* [WHAT NEEDS TO BE DONE]:
Take the data and return it in full. Change nothing.
▼
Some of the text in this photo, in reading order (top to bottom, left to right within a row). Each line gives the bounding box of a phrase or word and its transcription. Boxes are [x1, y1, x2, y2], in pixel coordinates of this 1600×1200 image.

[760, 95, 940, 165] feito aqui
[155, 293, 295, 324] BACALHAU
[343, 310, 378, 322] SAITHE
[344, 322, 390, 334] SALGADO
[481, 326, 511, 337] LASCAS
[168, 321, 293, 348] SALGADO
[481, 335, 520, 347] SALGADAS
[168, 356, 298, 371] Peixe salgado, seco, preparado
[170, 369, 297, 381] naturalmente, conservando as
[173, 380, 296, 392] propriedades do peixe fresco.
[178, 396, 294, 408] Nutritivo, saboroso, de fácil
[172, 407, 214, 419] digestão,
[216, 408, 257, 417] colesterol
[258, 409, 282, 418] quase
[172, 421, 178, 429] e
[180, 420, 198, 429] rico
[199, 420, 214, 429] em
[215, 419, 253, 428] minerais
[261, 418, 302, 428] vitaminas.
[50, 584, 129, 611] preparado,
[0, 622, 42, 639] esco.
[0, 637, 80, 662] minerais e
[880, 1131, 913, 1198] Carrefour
▲
* [ANSWER FOR THIS EXERCISE]:
Some of the text in this photo, in reading order (top to bottom, left to right within a row). Each line gives the bounding box of a phrase or word and its transcription. Boxes are [x1, y1, x2, y2], in pixel coordinates of this 1600×1200 image.

[760, 95, 940, 165] feito aqui
[155, 293, 295, 324] BACALHAU
[343, 310, 378, 322] SAITHE
[344, 322, 390, 334] SALGADO
[481, 326, 511, 337] LASCAS
[168, 321, 293, 348] SALGADO
[481, 335, 520, 347] SALGADAS
[168, 356, 298, 371] Peixe salgado, seco, preparado
[170, 369, 297, 381] naturalmente, conservando as
[173, 380, 296, 392] propriedades do peixe fresco.
[178, 396, 294, 408] Nutritivo, saboroso, de fácil
[172, 407, 214, 419] digestão,
[216, 408, 257, 417] colesterol
[258, 409, 282, 418] quase
[172, 421, 178, 429] e
[180, 420, 198, 429] rico
[199, 420, 214, 429] em
[215, 419, 253, 428] minerais
[261, 418, 302, 428] vitaminas.
[50, 584, 129, 611] preparado,
[0, 622, 42, 639] esco.
[0, 637, 80, 662] minerais e
[880, 1131, 913, 1198] Carrefour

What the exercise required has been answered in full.